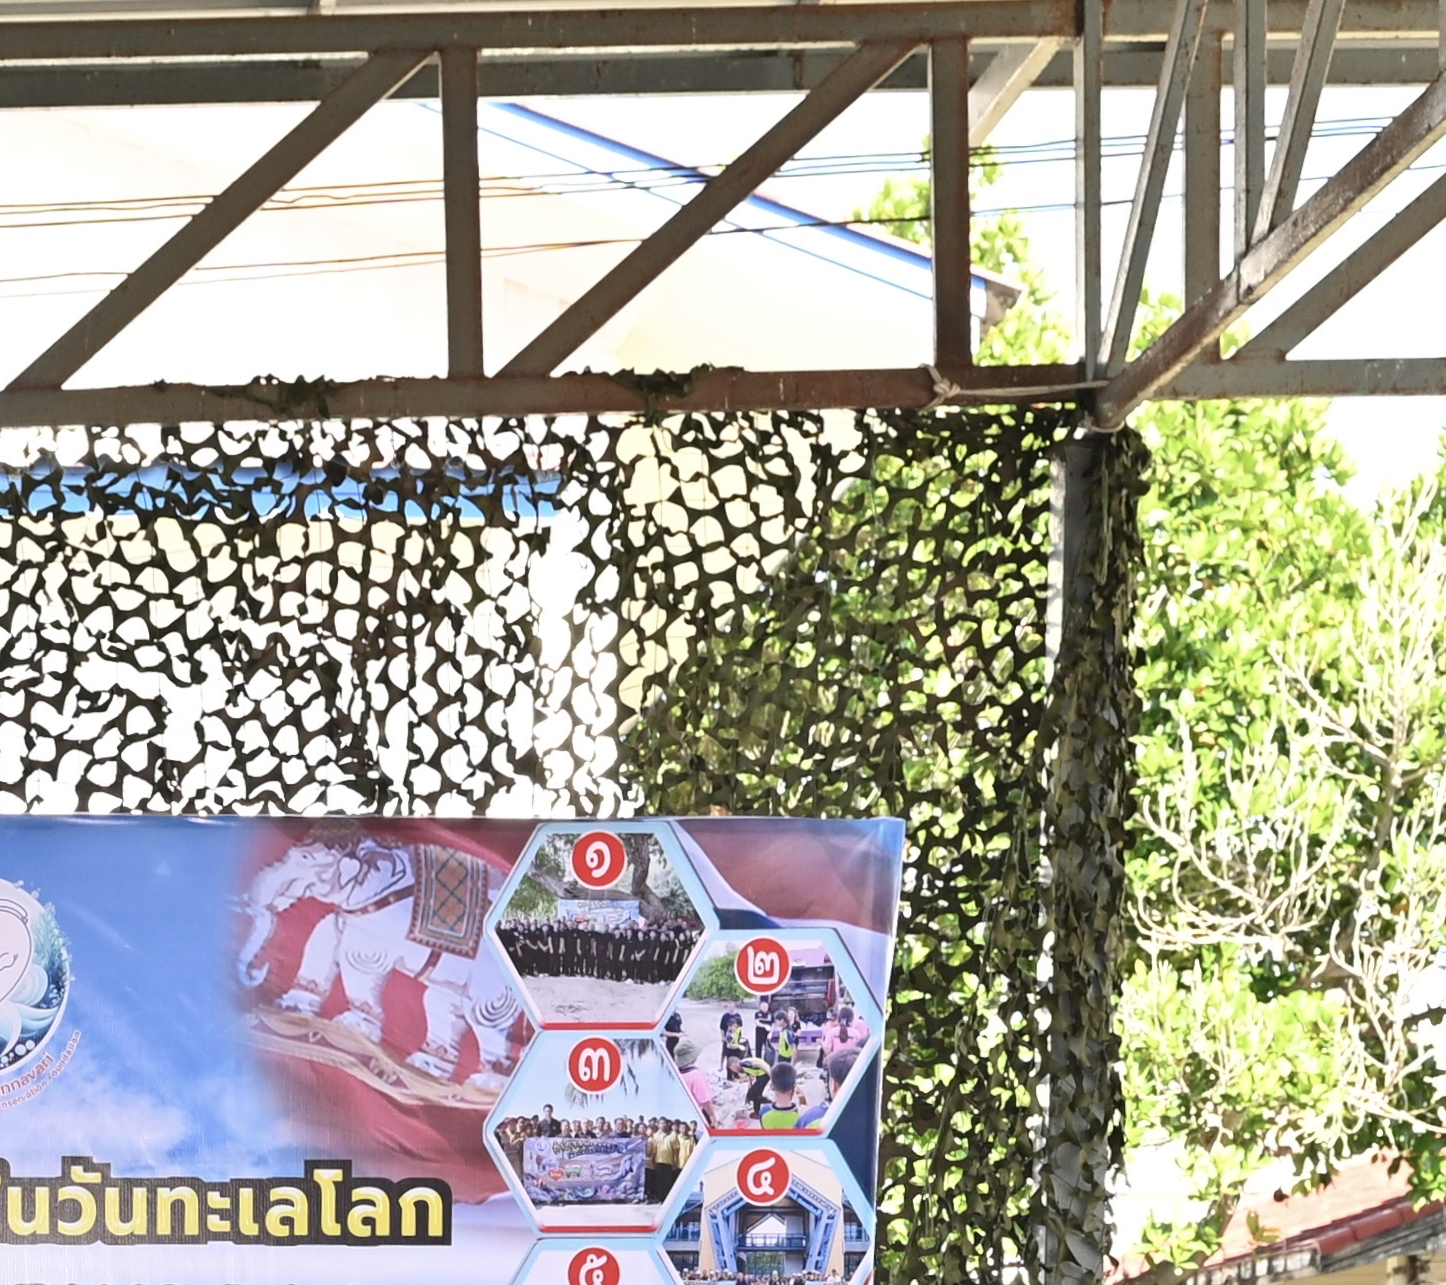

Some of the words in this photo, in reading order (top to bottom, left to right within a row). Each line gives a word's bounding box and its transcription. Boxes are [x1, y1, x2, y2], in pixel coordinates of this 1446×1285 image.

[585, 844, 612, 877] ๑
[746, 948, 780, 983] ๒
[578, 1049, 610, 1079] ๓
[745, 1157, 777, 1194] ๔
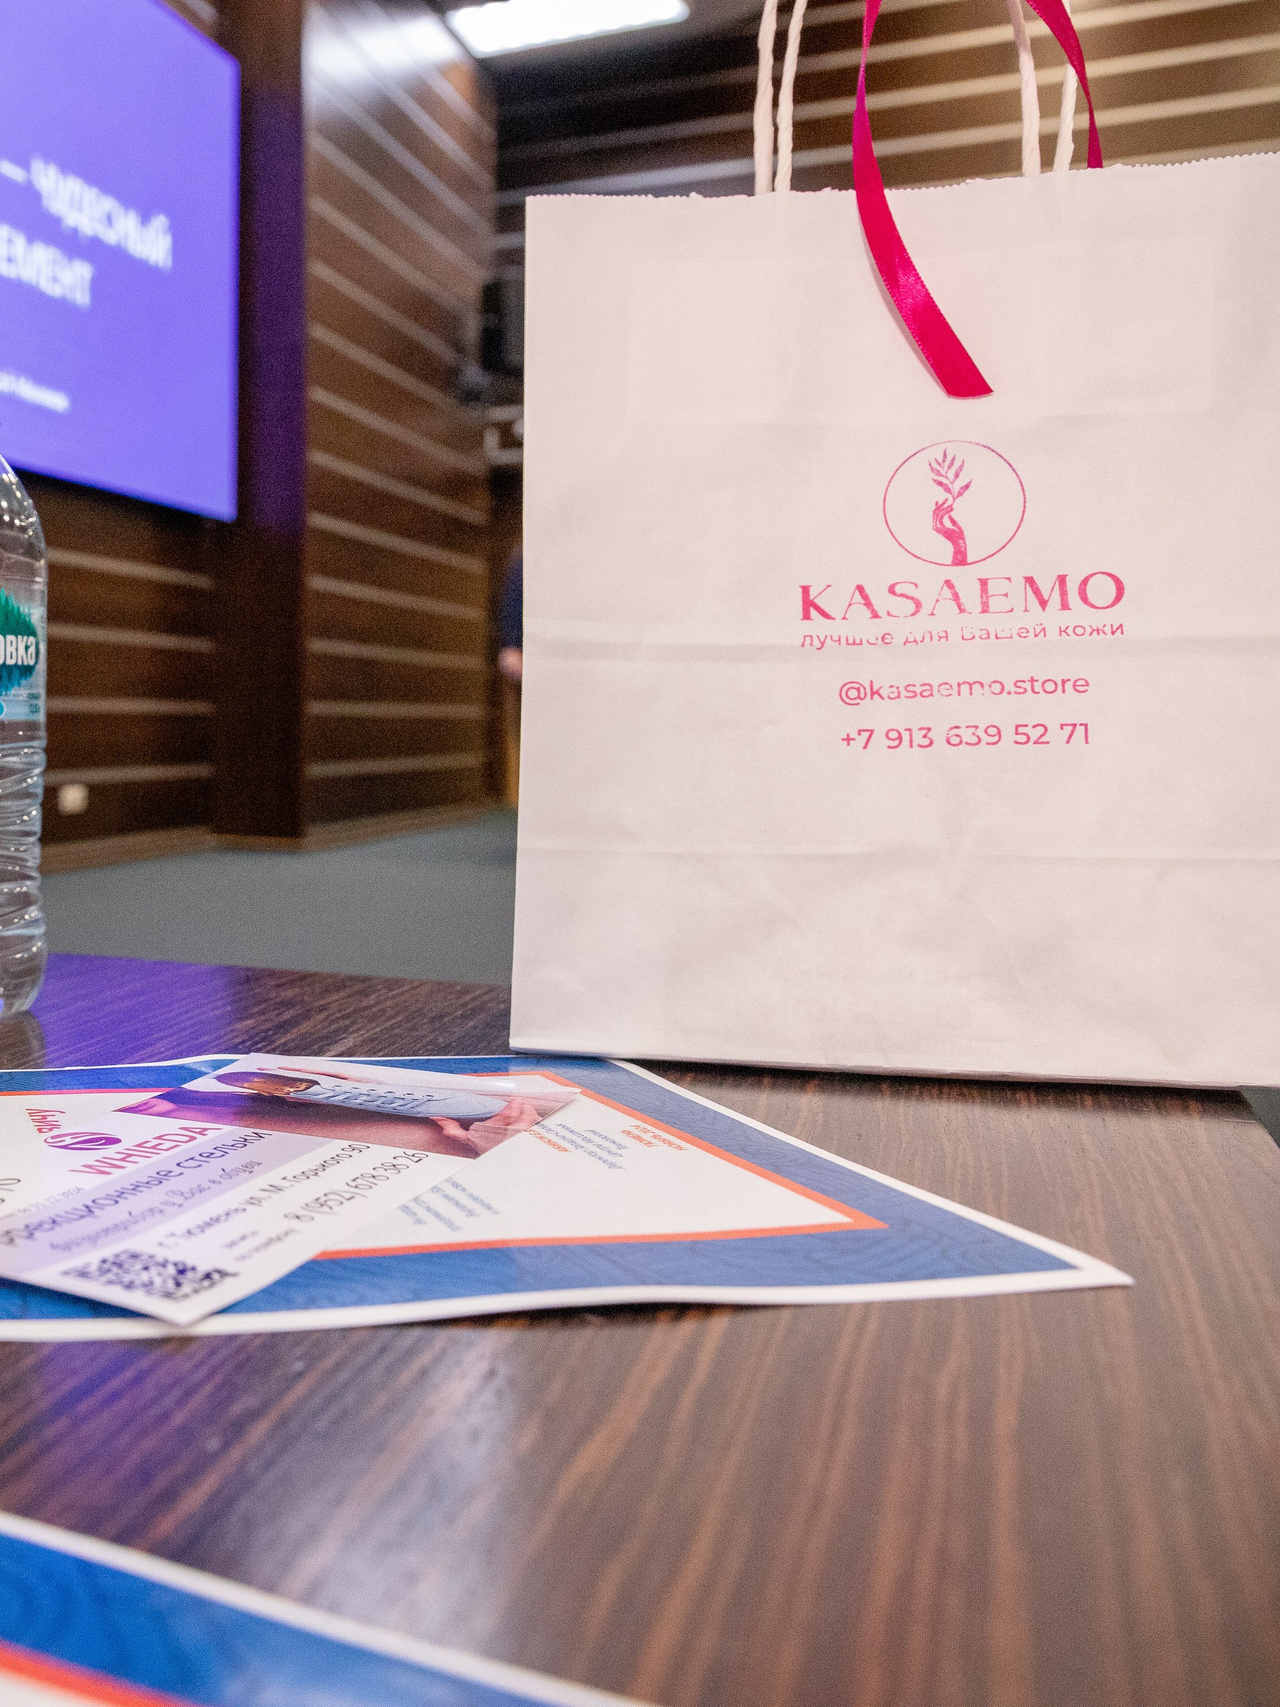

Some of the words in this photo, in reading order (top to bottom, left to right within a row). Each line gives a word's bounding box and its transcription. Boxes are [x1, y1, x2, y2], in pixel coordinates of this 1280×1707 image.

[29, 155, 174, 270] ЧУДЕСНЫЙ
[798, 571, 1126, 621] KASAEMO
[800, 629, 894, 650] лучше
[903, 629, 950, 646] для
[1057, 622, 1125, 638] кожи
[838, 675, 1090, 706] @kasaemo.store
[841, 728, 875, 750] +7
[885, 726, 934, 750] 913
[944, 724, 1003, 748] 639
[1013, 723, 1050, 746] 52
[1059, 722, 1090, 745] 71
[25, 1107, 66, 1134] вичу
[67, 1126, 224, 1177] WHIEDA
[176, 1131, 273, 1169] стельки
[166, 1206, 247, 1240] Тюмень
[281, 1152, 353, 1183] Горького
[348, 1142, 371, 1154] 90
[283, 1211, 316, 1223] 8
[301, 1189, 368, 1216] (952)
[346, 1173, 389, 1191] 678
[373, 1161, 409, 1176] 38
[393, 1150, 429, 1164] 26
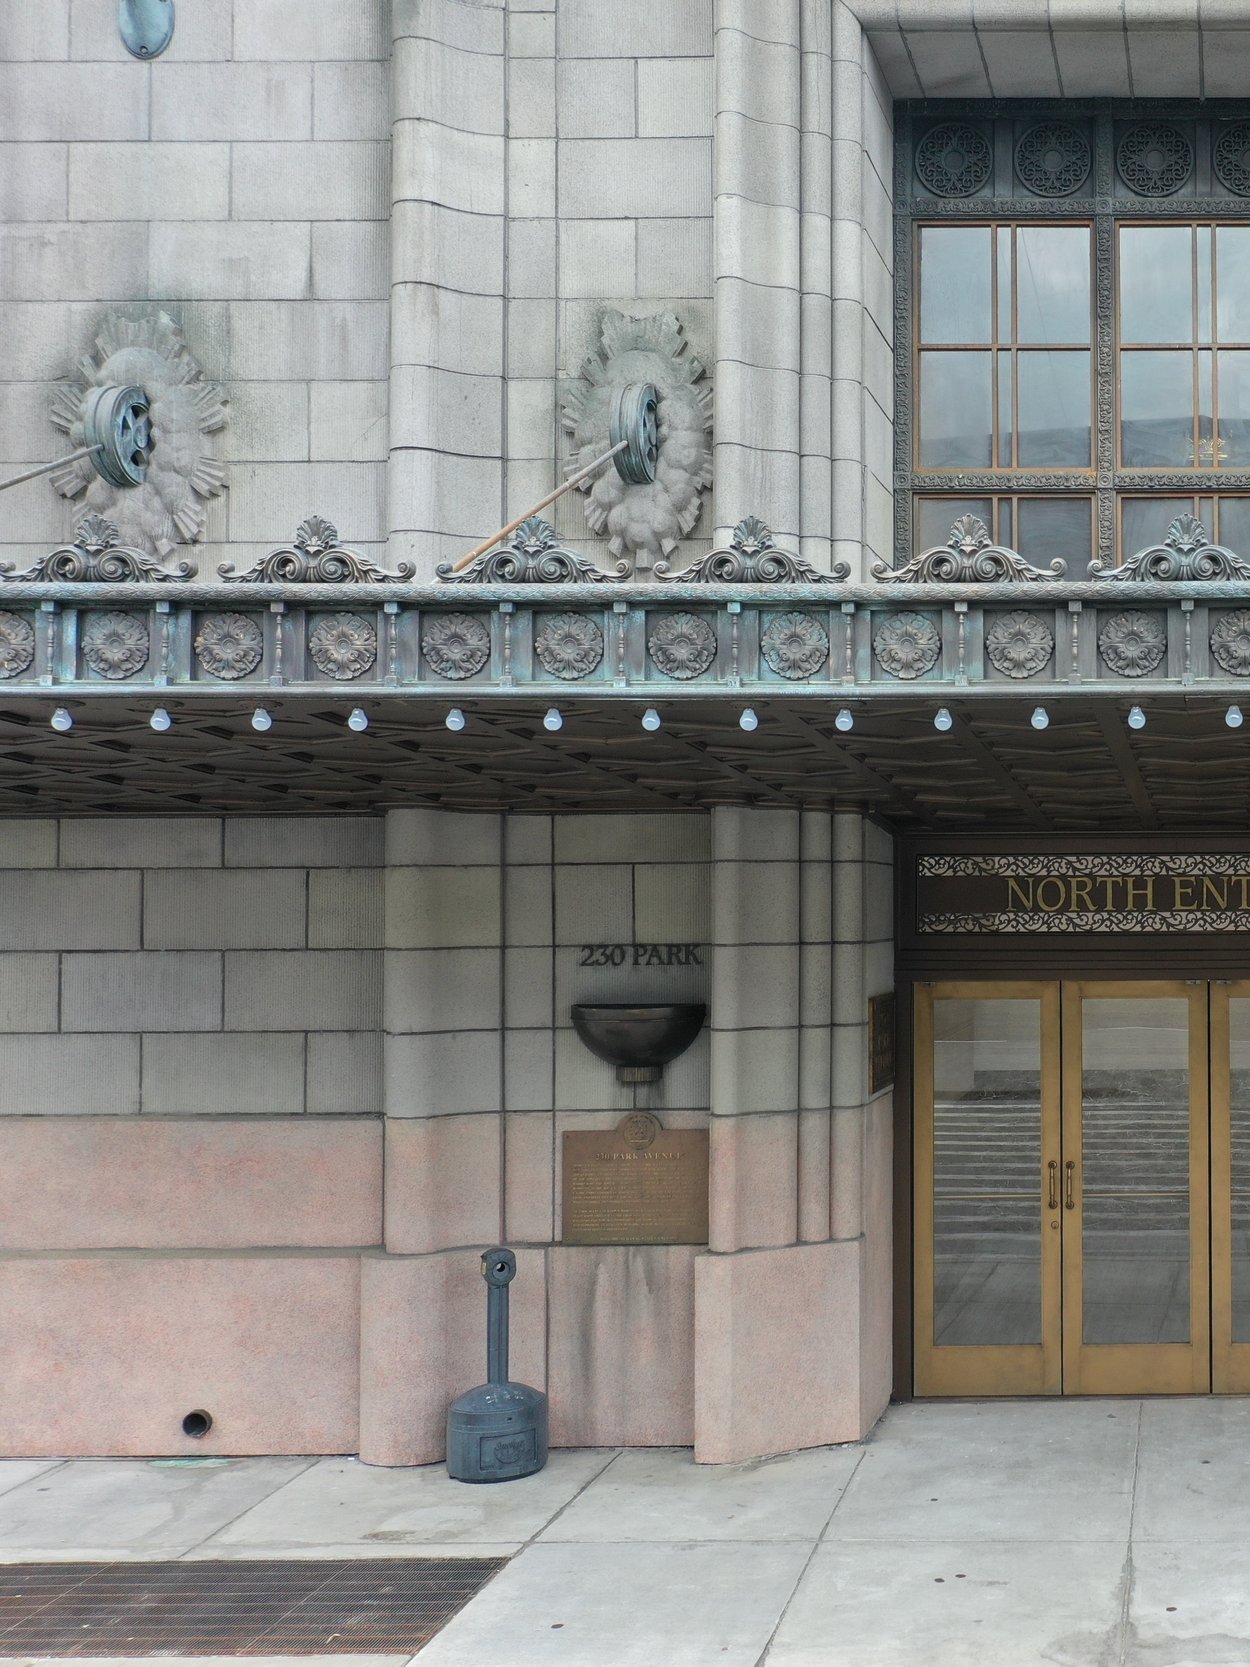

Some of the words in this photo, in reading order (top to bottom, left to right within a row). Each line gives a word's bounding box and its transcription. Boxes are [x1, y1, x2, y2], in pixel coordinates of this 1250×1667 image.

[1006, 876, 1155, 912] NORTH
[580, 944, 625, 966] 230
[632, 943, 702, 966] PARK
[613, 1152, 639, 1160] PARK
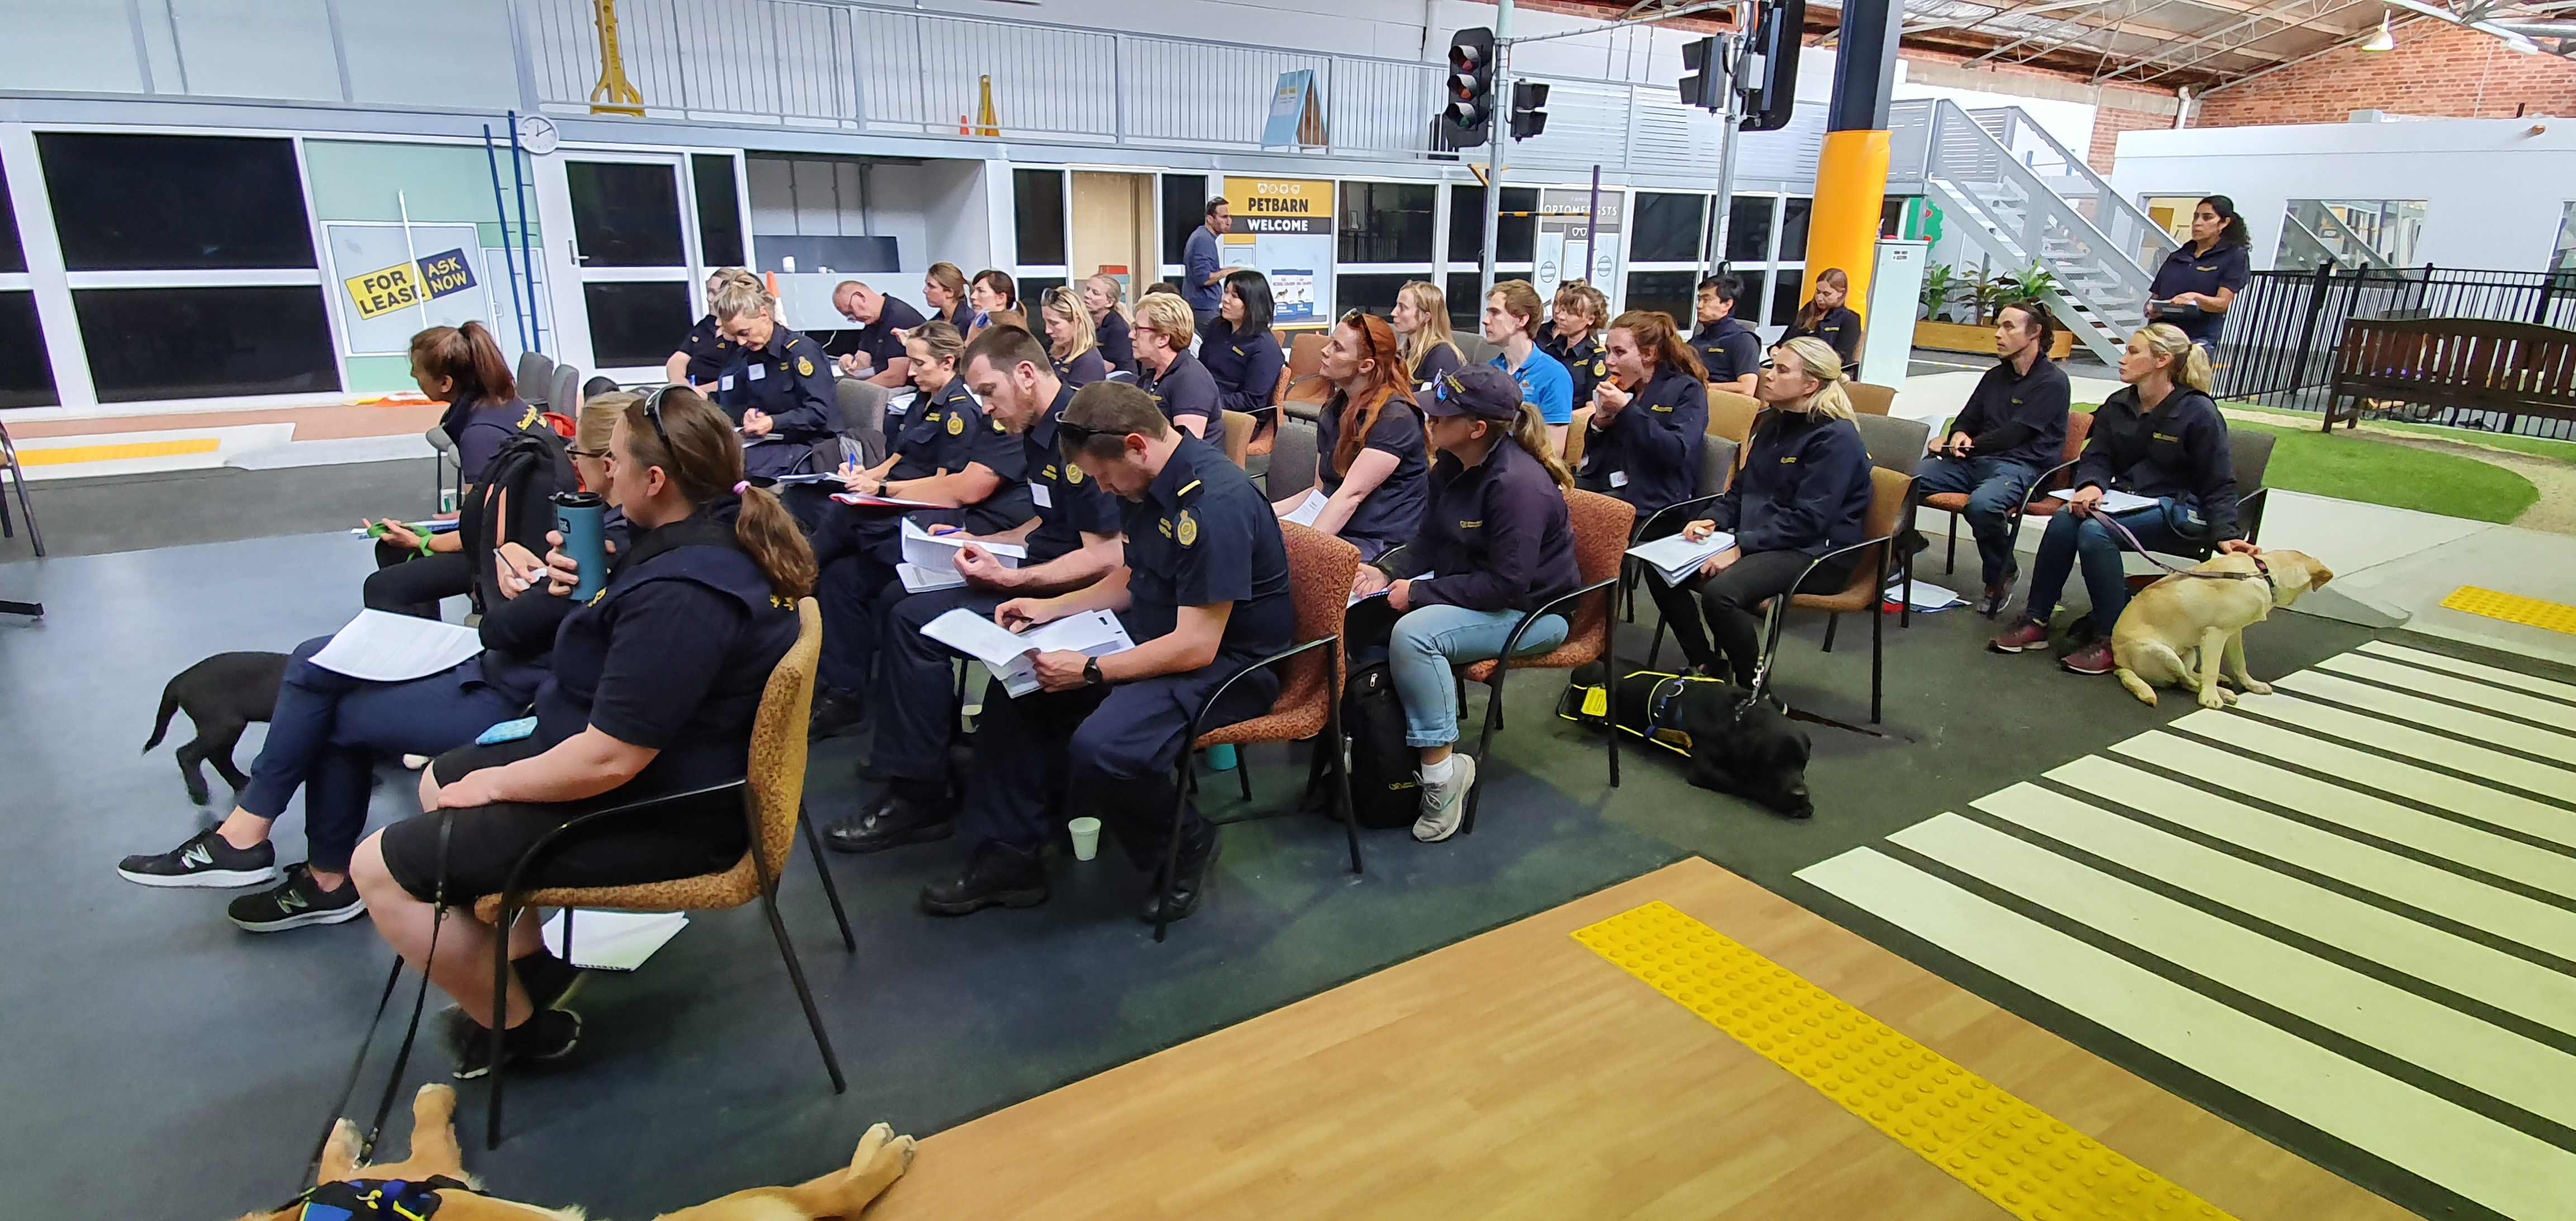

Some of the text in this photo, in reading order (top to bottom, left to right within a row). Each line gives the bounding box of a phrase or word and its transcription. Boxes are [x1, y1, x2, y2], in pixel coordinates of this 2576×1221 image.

_Aim of the task:_ Would you transcribe the listing above line by line, exactly, leaving every picture out?

_Solution to this problem:_
Some of the words in this photo, in reading order (top to bottom, left to right within a row). Each line gives a word's bounding box and its transcription. Boxes are [x1, y1, x2, y2], in pixel coordinates of this 1446×1285 image.

[585, 844, 612, 877] ๑
[746, 948, 780, 983] ๒
[578, 1049, 610, 1079] ๓
[745, 1157, 777, 1194] ๔

Some of the words in this photo, in reading order (top to bottom, left to right within a row). Each line gives a word's bounding box and its transcription. Boxes are [x1, y1, x2, y2], in pixel coordinates of this 1280×1707 image.

[29, 155, 174, 270] ЧУДЕСНЫЙ
[798, 571, 1126, 621] KASAEMO
[800, 629, 894, 650] лучше
[903, 629, 950, 646] для
[1057, 622, 1125, 638] кожи
[838, 675, 1090, 706] @kasaemo.store
[841, 728, 875, 750] +7
[885, 726, 934, 750] 913
[944, 724, 1003, 748] 639
[1013, 723, 1050, 746] 52
[1059, 722, 1090, 745] 71
[25, 1107, 66, 1134] вичу
[67, 1126, 224, 1177] WHIEDA
[176, 1131, 273, 1169] стельки
[166, 1206, 247, 1240] Тюмень
[281, 1152, 353, 1183] Горького
[348, 1142, 371, 1154] 90
[283, 1211, 316, 1223] 8
[301, 1189, 368, 1216] (952)
[346, 1173, 389, 1191] 678
[373, 1161, 409, 1176] 38
[393, 1150, 429, 1164] 26

Some of the words in this photo, in reading order (top to bottom, left to right within a row). Each line gives a word's bounding box and its transcription. Boxes are [x1, y1, x2, y2], in pixel coordinates of this 1250×1667 image.

[1006, 876, 1155, 912] NORTH
[580, 944, 625, 966] 230
[632, 943, 702, 966] PARK
[613, 1152, 639, 1160] PARK

Some of the text in this photo, in reading order (top to bottom, left to right within a row). Each line gives the bounding box of a phrase or word and its transcription. Boxes are [x1, y1, x2, y2], in pixel coordinates of this 2576×1221 image.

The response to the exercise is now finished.